11. El conflicto.

En la Antigua Grecia cristaliza el concepto de entretenimiento de masas introduciendo unidades de medida que faciliten la memorización y la interpretación bajo una concepción lineal y progresiva del tiempo (que aún hoy es la dominante). Las obras han de tener un planteamiento, un nudo y un desenlace. En Esquilo, era la trama la que llevaba a cabo este ‘movimiento’ de un estadio al otro. En Sófocles y Eurípides, se imprime una mayor acentuación en la caracterización psicológica de los personajes para añadir movimiento ‘interno’ y acabar de definir eso que será el sancta-santorum de las artes narrativas: la acción. Este concepto siempre implica un objetivo que se ve abocado a sortear obstáculos de todo tipo para la consecución de su fin. O lo que es lo mismo, acción = conflicto.

El conflicto presupone un mundo en lucha perpetua y, de hecho, necesita un mundo cuyos motores de intercambio social sean la venganza y la envidia (no hay que olvidar que la representación teatral en Atenas era siempre una competición con ganadores y perdedores). Y si bien es cierto que la única regla de oro de la dramaturgia (del arte, en general) es que hay que saber estimular un movimiento en aquel que observa (no ya una adhesión, ni siquiera un interés, porque también es lícito y necesario aburrir a los demás y sabotear sus expectativas), no es igualmente cierto que la ordenación de los conflictos sea el único paradigma dramático / escénico posible. Sí es el más popular, sin duda. No es necesario ahondar en ello. El espectador se ve a sí mismo en el personaje conflictuado porque así no se siente tan solo ni tan mal en su abrumadora red de conflictos personales. Desea lo mejor o lo peor en relación a ese personaje conflictuado, pero no permanece indiferente. Como el personaje está ciego (condición sine qua non de la situación dramática), o bien con respecto a sí mismo o bien con respecto a los demás, el espectador se sentirá levemente superior a él o a ella, en un status similar al de la autora, y eso le producirá un cierto alivio que contribuirá a que el momento del ‘reconocimiento’ o anagnórisis (generalmente ubicado en el clímax de la obra) sea mucho más emocionante y satisfactorio (catarsis). Anagnórisis y catarsis son las caras A y B de un disco llamado ‘Sentimiento de culpa’. Un personaje se da cuenta de lo que ha hecho o podría haber hecho en su estado de enajenación mental y el público se conduele, o bien un antagonista es castigado justo en el momento en que está dispuesto a redimirse, y el público asiste conmovido a un arrepentimiento que llega demasiado tarde. Nos lo han contado millones de veces. Y siempre funciona. Porque el arte modifica la percepción, y a la inversa. Nuestros valores, nuestros deseos, nuestros sentimientos también son dramaturgia. Y hace siglos que fueron inventados.
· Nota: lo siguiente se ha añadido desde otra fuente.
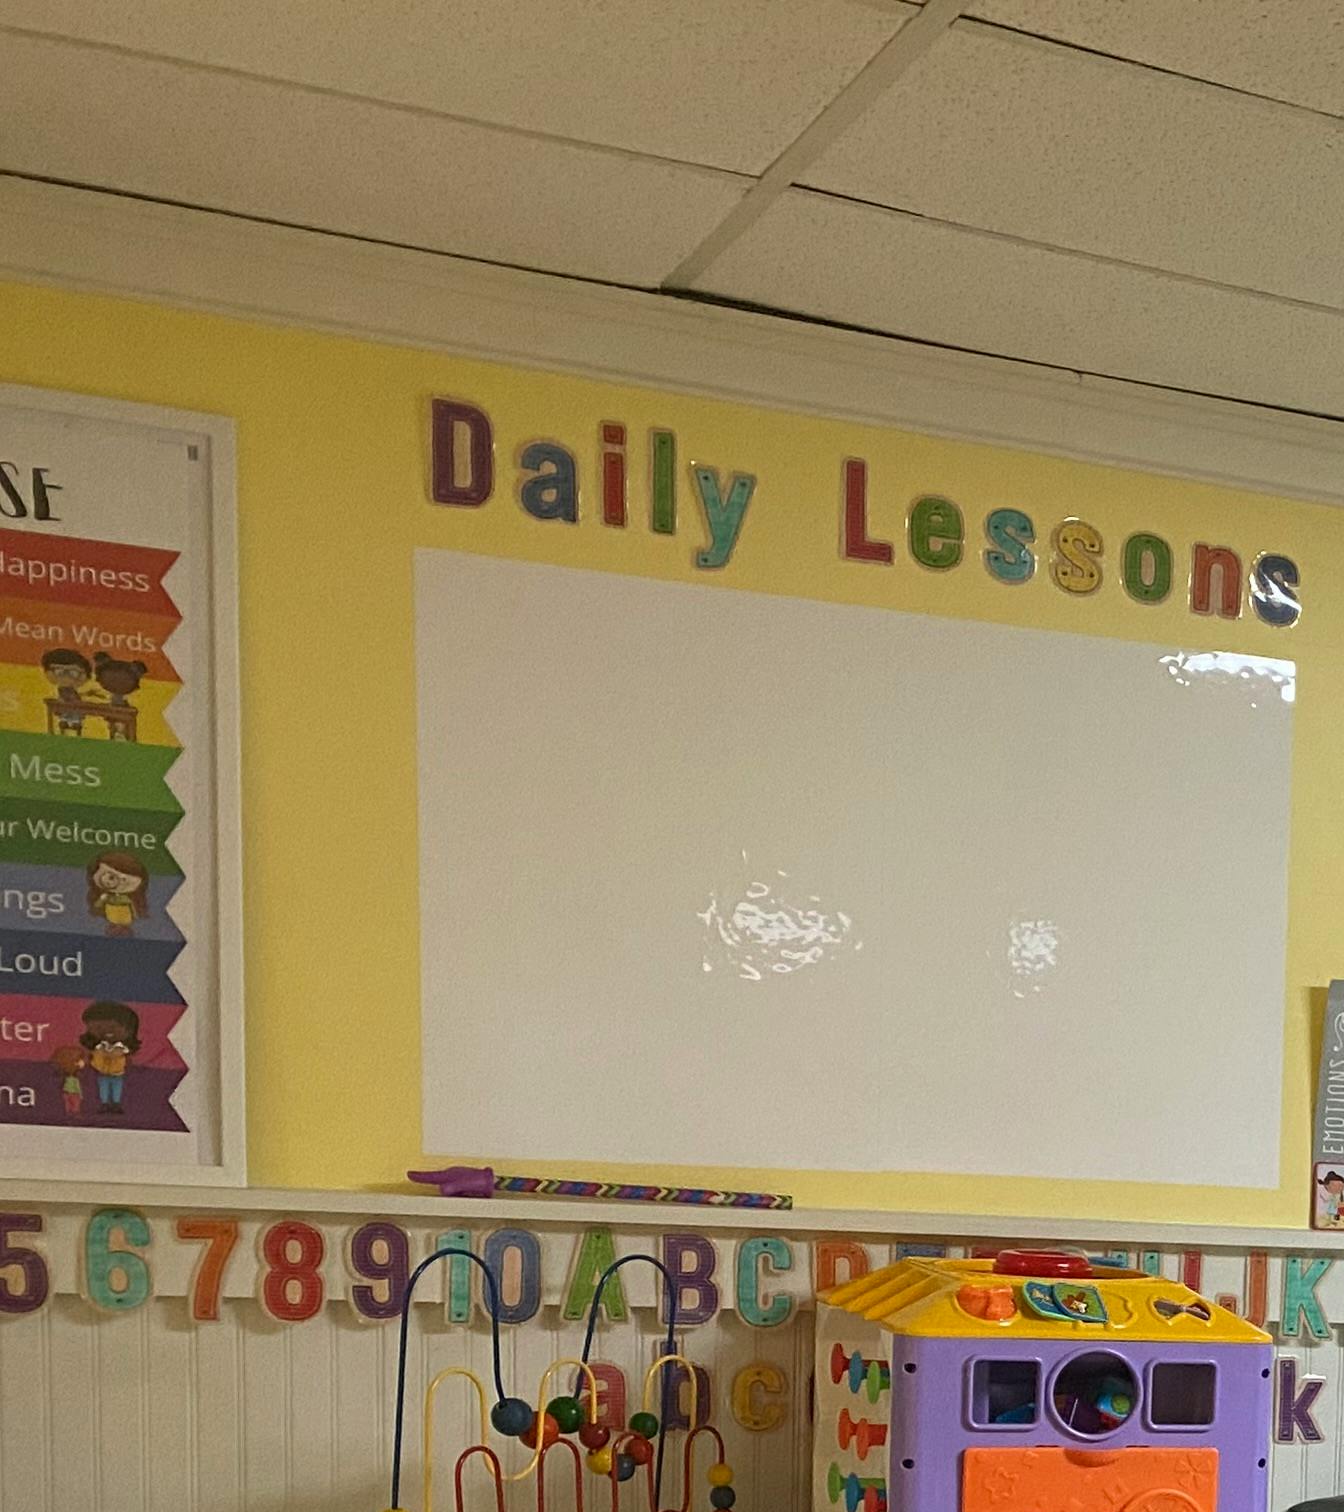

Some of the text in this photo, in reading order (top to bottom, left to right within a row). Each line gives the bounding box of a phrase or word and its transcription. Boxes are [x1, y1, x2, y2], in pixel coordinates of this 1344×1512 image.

[431, 396, 1302, 628] Daily Lessons
[0, 552, 150, 593] appiness
[71, 624, 157, 652] Words
[10, 753, 102, 787] Mess
[26, 817, 157, 850] Welcome
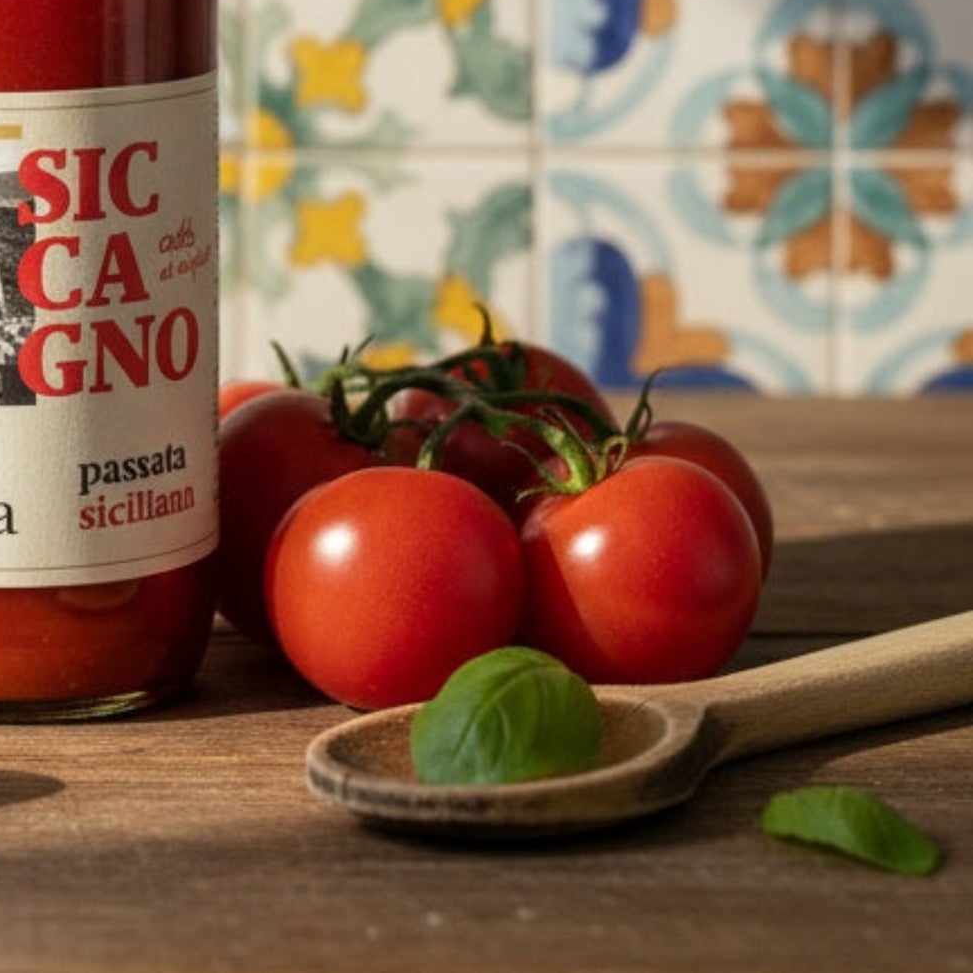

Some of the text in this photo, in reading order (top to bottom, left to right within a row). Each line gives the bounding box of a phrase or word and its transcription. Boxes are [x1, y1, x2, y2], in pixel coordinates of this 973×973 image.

[17, 141, 159, 226] SIC
[17, 232, 150, 311] CA
[17, 306, 199, 397] GNO
[78, 443, 186, 496] passata
El conflicto refuerza un sistema basado en la diferencia. Con el conflicto, hay héroes y hay villanos, hay bien y hay mal, hay tensión y hay calma. Las pautas de intervención de estos dos opuestos aportan ritmo y musicalidad a una partitura de acciones, y como los ingredientes en un plato que se cocina, es recomendable no pasarse demasiado con lo uno ni con lo otro si se quiere preservar el interés y el ‘buen gusto’. Si el mal ocupa buena parte del tiempo dramático y apenas encuentra oposición, entonces, ¿no sería esa una inversión desestabilizadora? Si una obra es toda tensión y conflicto, ¿no llegaría a aburrir el posible desenlace de tan saturados que están los sentidos? Si en una obra ‘no pasa nada’, ¿no nos llegaríamos a aburrir también, pero por la ausencia de una cadencia razonable de estímulos? En cualquier dramaturgia, ‘clásica’ o contemporánea, todo es cuestión de ritmo y alternancias.

Sin embargo, y aunque ya esté más o menos establecido que sólo hay un puñado de conflictos posibles, en realidad, sólo existe uno: el amor puesto a prueba. Todas las historias, de un modo u otro, son historias de amor. Os animo a que hagáis la prueba, no tiene desperdicio.